Legislature plans to hold hearings on methadone treatment
By Brandon Stahl, Forum Communications
DULUTH — A hearing in St. Paul has been tentatively set for Dec. 6 for members of Minnesota’s House and Senate to gather information on whether methadone treatment needs tighter regulation in the state.
The hearing will come after two Carlton County residents were killed by a driver who was allegedly high on methadone and after concerns about the use of methadone as a treatment for drug addiction were highlighted in a Duluth News Tribune series.
“We’re looking for information on the misuse of methadone by people taking it,” said Rep. Tom Huntley, DFL-Duluth, who will co-chair the hearing as the ranking member of the House’s Health and Human Services Committee. “Certainly not everybody is abusing it, but we need to find out if there’s something we can do about the ones who are.”
Huntley said that after the December hearing, committee members will decide if new legislation on methadone treatment is needed and, if necessary, will present it to the Legislature at the start of the session in January.
“We need to know if there are things that should change and how we can do that,” Huntley said. “It appears that regulations are too loose for people who abuse the system.”
Among the News Tribune’s findings, published in a series that began running in mid-September:
Since 2001, 392 people have died from methadone overdoses in the state (though some of those deaths are from people who took the pill form of the drug, which is used to treat pain).
Use of methadone treatment has increased 60 percent since 2007.
Some methadone patients sell their prescribed doses on the streets.
Five percent of patients successfully complete methadone treatment in Minnesota.
The reason for the low completion rates, methadone proponents say, is that methadone treatment should be acceptable for a patient’s entire life.
Huntley said he wants legislators to get a better understanding of why some methadone supporters say treatment can be used for life while others say the best treatment for opiate addiction is abstinence only.
“A lot of my understanding about that comes from (the News Tribune’s) articles,” Huntley said.
Huntley said he’ll ask numerous experts and administrators to testify who were quoted in the News Tribune series, including the chief medical officer of Hazelden Treatment Center, which provides abstinence-only treatment for opiate addiction and claims a 53 completion rate; administrators for the Minnesota Department of Human Services, which is charged with licensing and inspecting methadone clinics; and proponents of methadone treatment. He said he’ll also ask administrators for Duluth’s methadone clinic, the Lake Superior Treatment Center.

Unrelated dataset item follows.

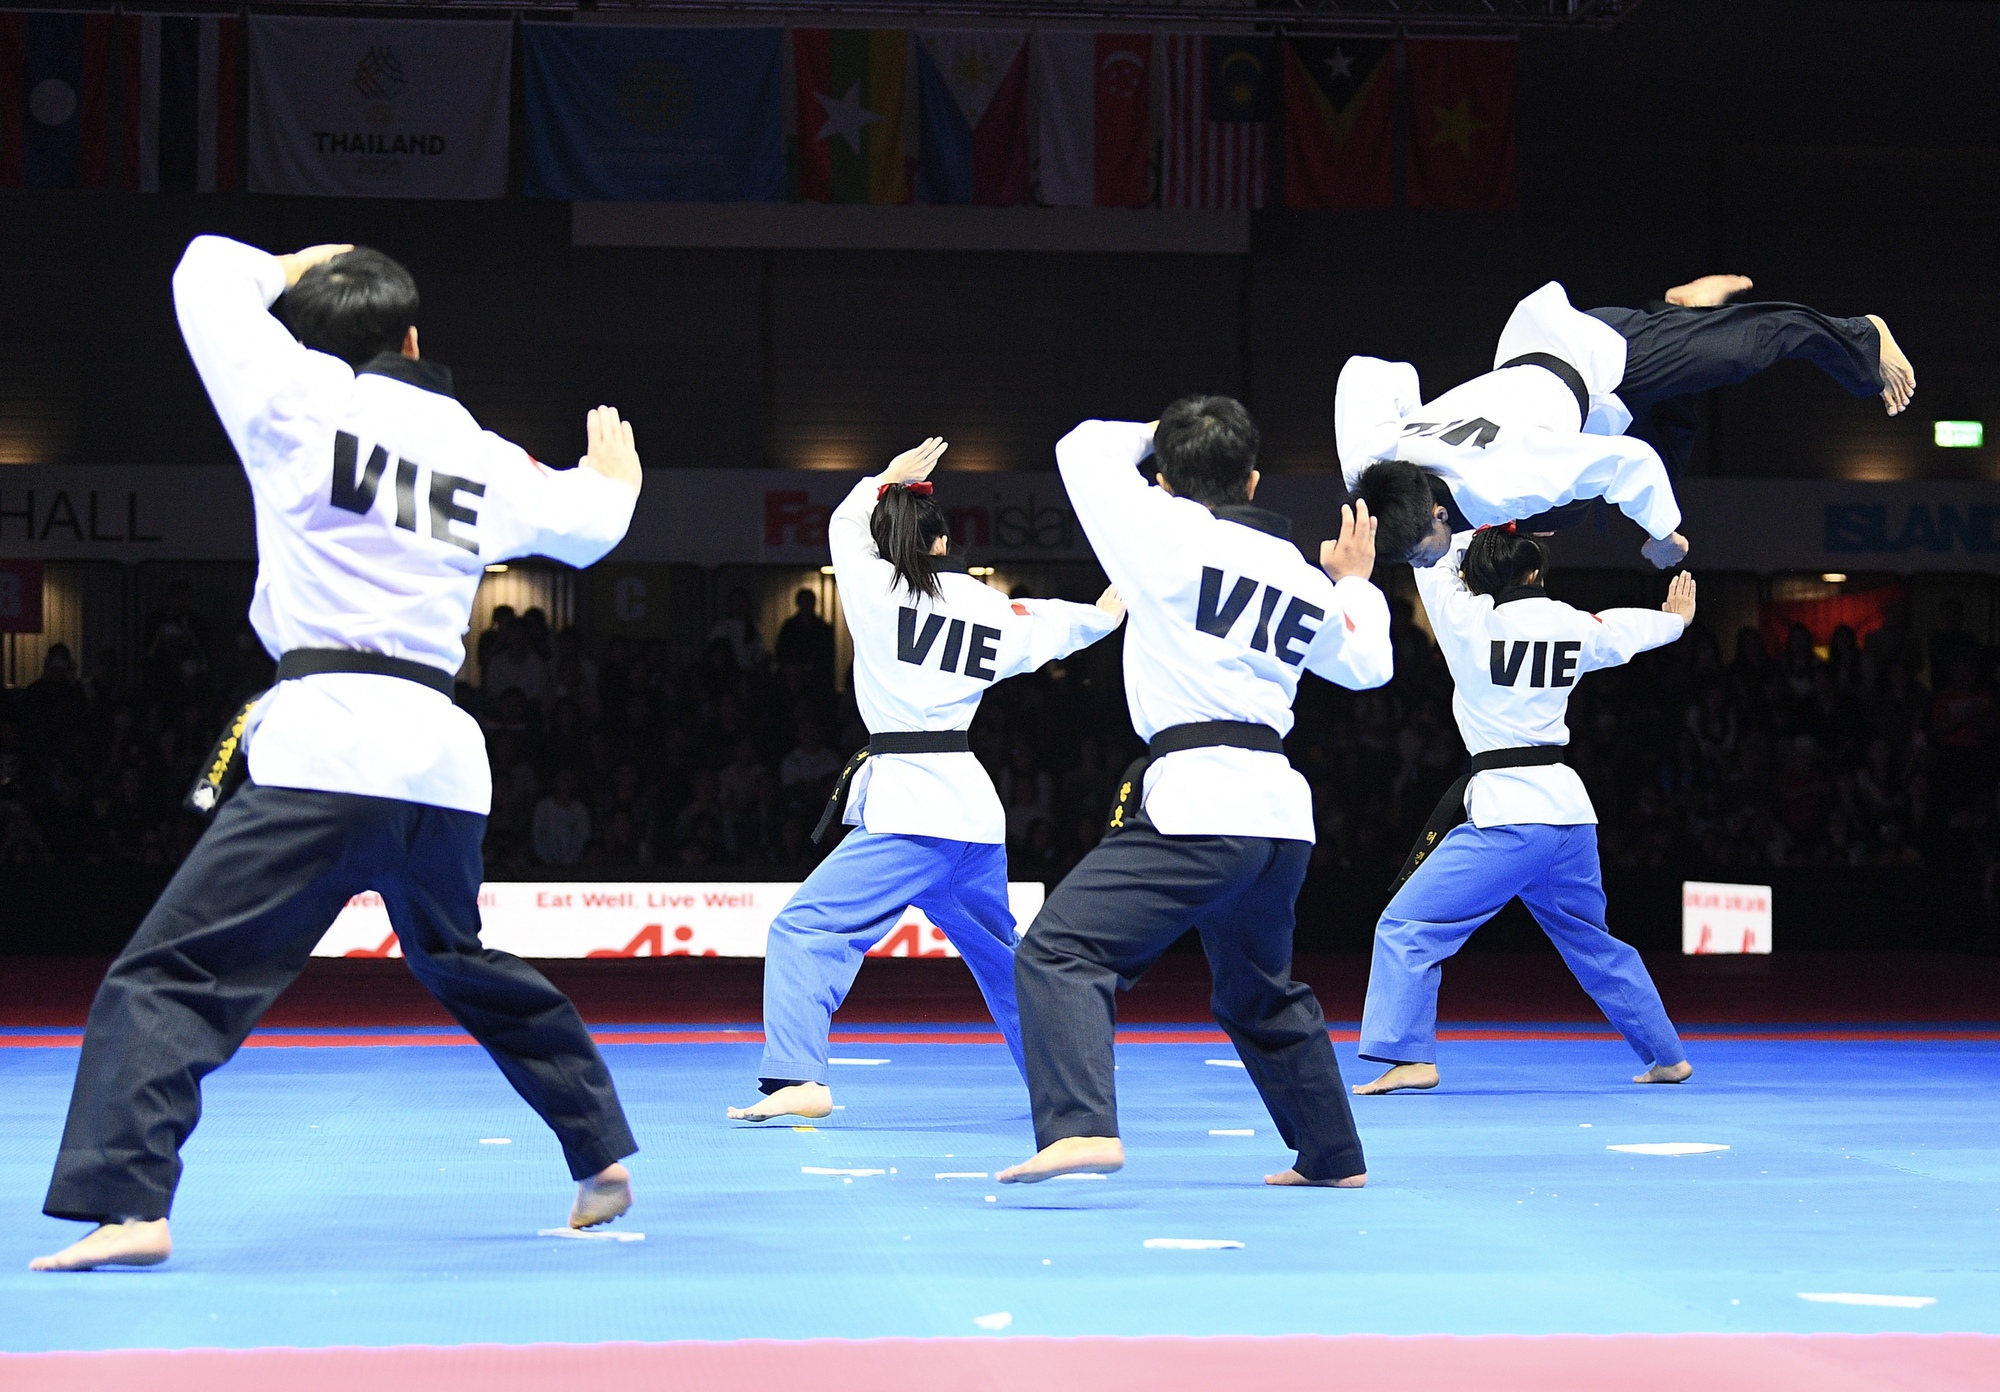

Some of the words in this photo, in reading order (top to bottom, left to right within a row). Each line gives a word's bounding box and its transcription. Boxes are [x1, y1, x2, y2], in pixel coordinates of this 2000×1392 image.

Sen. Roger Reinert, DFL-Duluth, said he wants to learn more about the tax dollars used to pay for methadone treatment. The News Tribune found that taxpayers have spent $43 million on care for methadone patients who are on state-funded health insurance.

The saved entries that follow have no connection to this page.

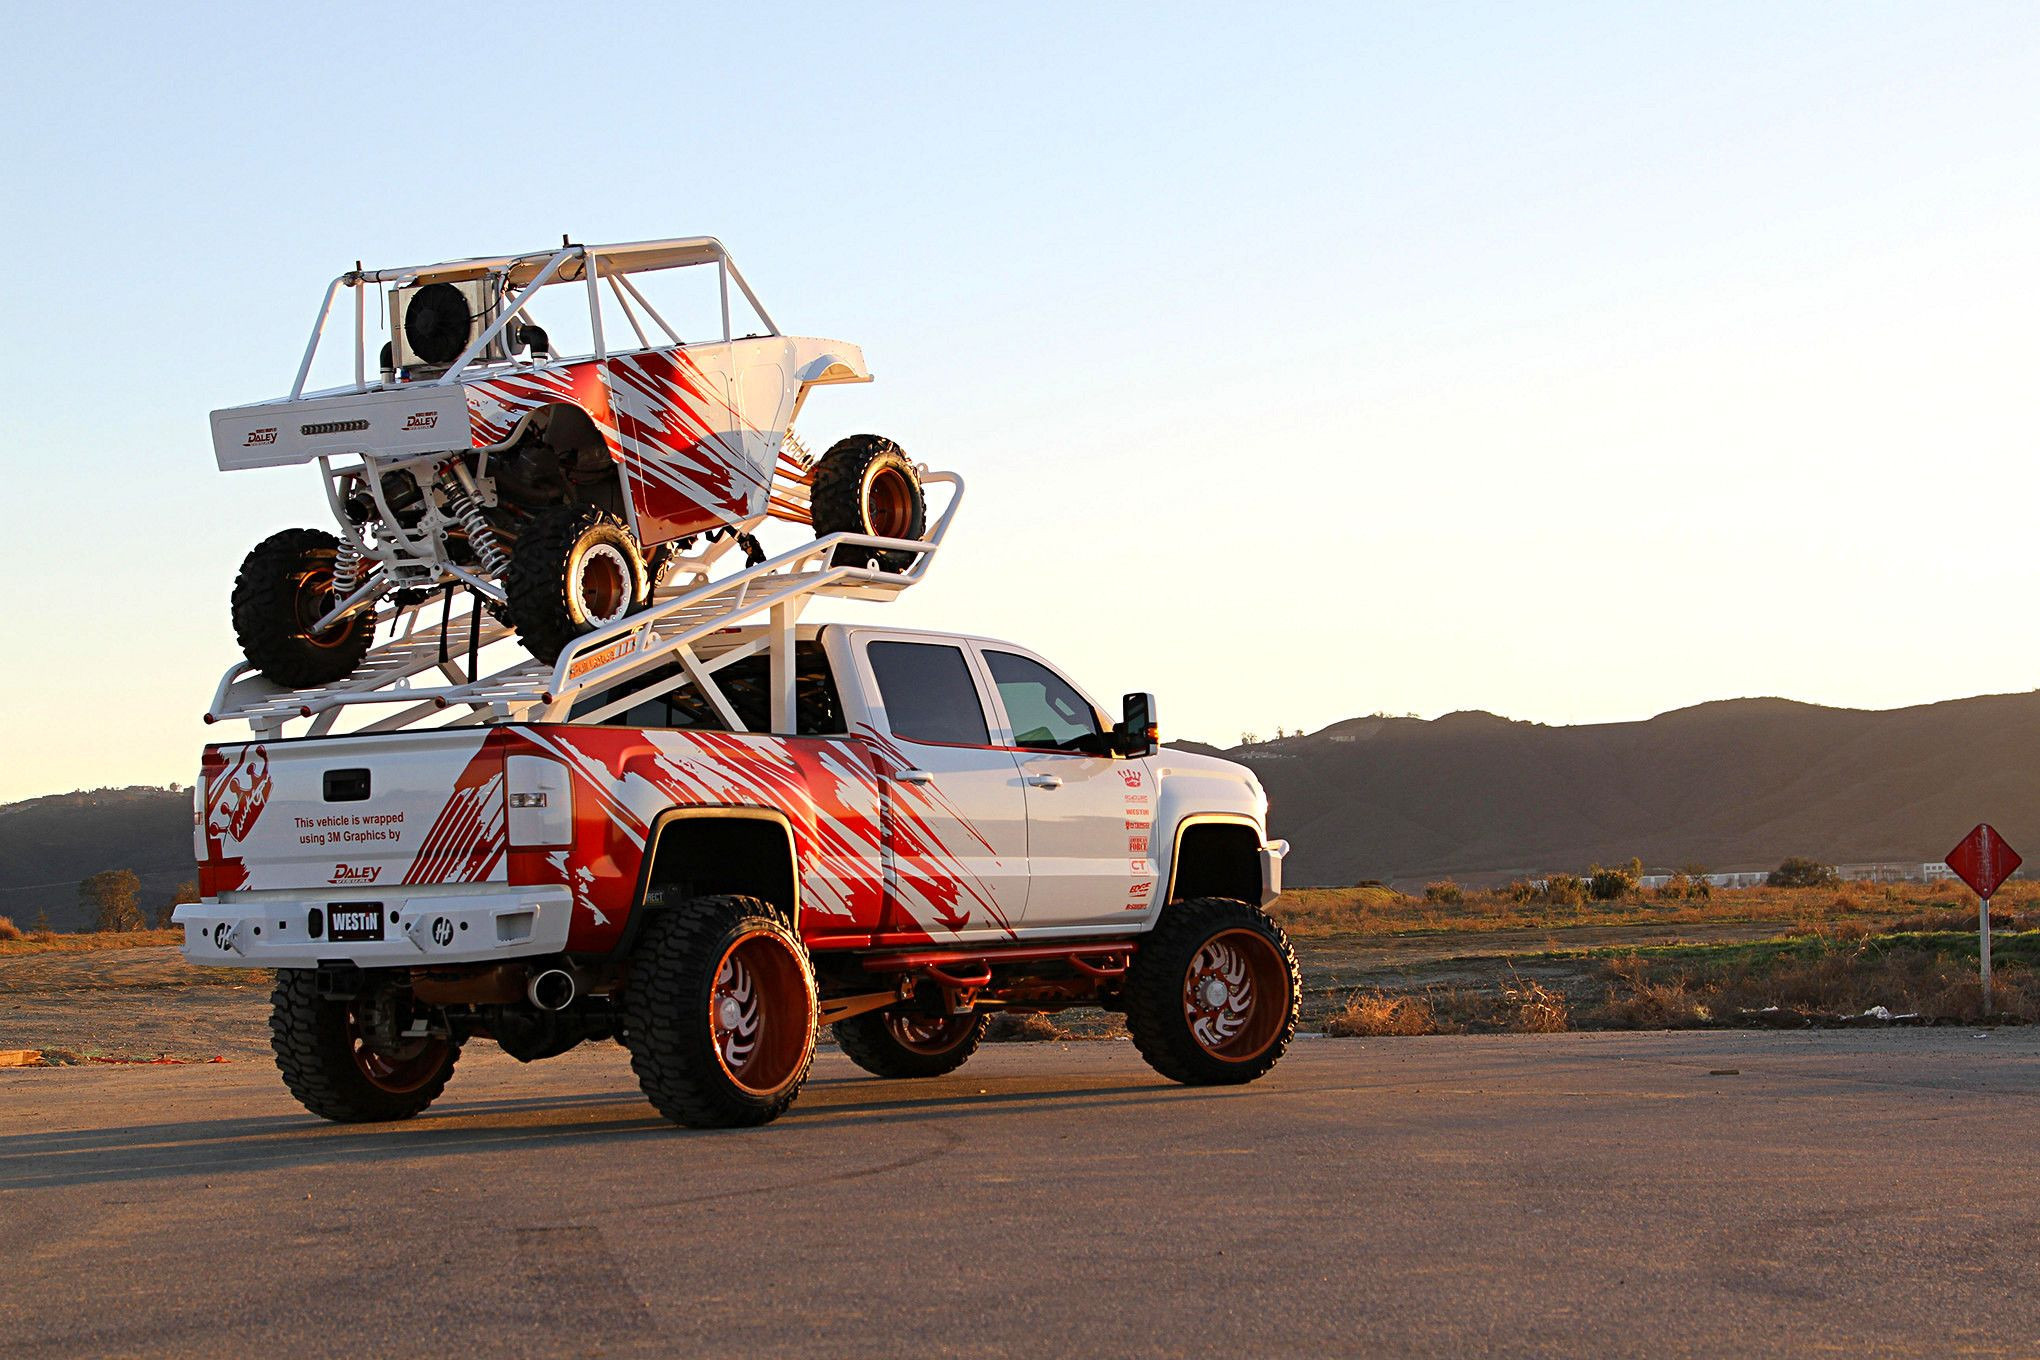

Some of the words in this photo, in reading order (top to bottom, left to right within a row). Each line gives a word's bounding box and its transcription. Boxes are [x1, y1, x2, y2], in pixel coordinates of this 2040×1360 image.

[294, 817, 315, 828] This
[316, 815, 349, 827] vehicle
[352, 815, 360, 825] is
[362, 812, 404, 826] wrapped
[300, 834, 325, 845] using
[328, 832, 341, 842] 3M
[343, 830, 386, 843] Graphics
[389, 829, 401, 841] by
[1131, 860, 1146, 870] CT
[333, 864, 382, 883] DALEY

“It’s clearly a big issue for the region, clearly we don’t know enough about it, and clearly we don’t have enough fiscal oversight,” Reinert said.

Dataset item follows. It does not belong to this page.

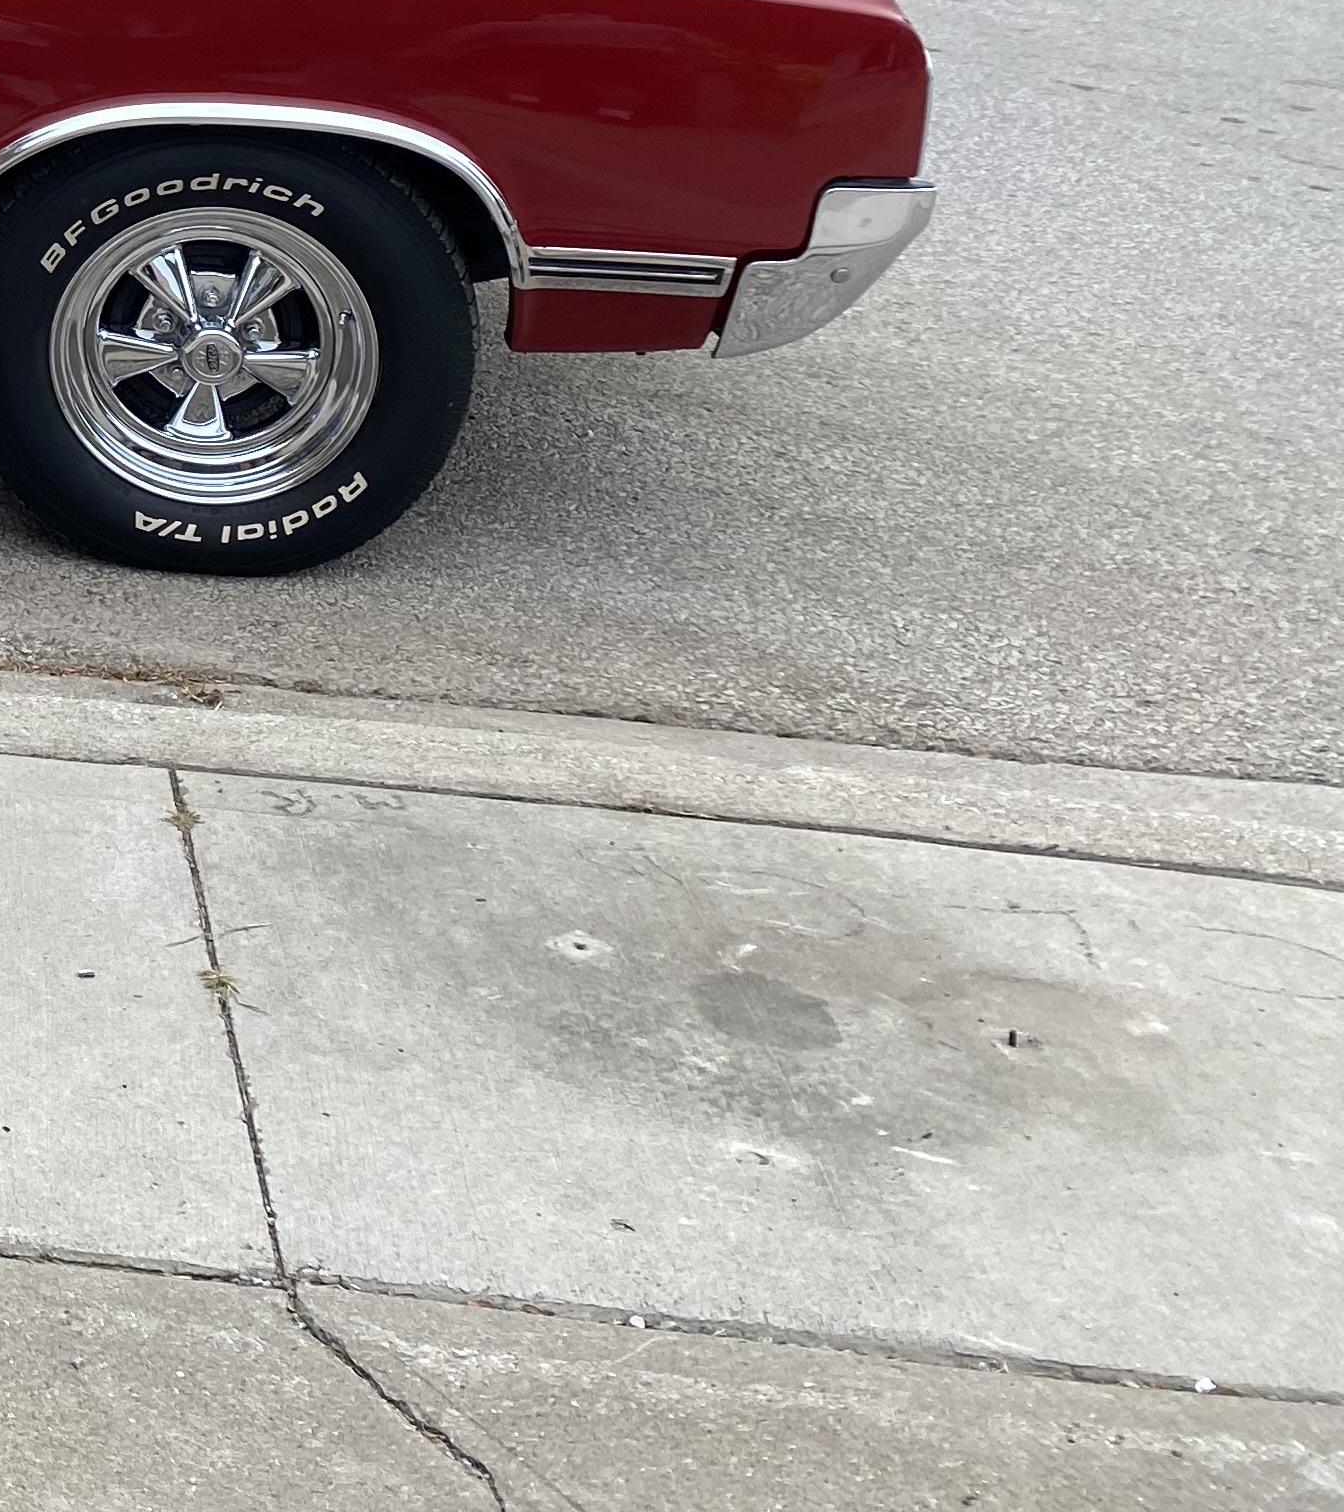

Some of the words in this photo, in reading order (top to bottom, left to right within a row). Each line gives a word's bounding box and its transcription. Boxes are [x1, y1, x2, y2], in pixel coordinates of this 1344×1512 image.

[40, 173, 325, 274] BFGoodrich
[134, 510, 203, 542] T/A
[220, 471, 368, 543] Radial

Regulations for providing methadone treatment are governed by federal law, which states can change to make more stringent but can’t weaken. Several states have passed laws in recent years adding increased oversight and regulations to methadone treatment, such as in Pennsylvania, which requires that methadone patients who need the state to pay for their transportation be taken to the clinic that is closest to them. The state also enacted legislation that would create a team to review any deaths related to the use of methadone.
The Maine legislature has passed laws limiting tax-dollar reimbursement for methadone patients to two years and prohibits people with methadone in their system from operating a commercial motor vehicle.
None of those laws exist in Minnesota, which adheres to the minimum federal rules.
Proponents of methadone treatment say when states pass tighter regulations of federal laws, it often has negative consequences for patients. Tennessee, for example, only allows patients to be on methadone treatment for two years. That’s resulted in many of those patients going to back to illegal drugs, said Mark Parrino, president of the American Association for the Treatment of Opioid Dependence.
“Anytime you impose limits on the duration of treatment, there are always negative results,” Parrino said.
Rep. Jim Abeler, R-Anoka, the chairman of the state Health and Human Services Finance Committee who will be co-chairing the methadone hearing with Huntley, said he’s not familiar enough with methadone treatment to make any recommendations for legislation similar to laws passed in other states.
“At this point, we just want to start a discussion,” Abeler said.
Sen. Tony Lourey, DFL-Kerrick, the ranking member of the Senate Health and Human Services Committee, said he’s hopeful the hearing will help legislators determine whether new laws are needed or current laws need to be better enforced.
“Hopefully, we can get to a place where can do a lot better with this important policy,” Lourey said.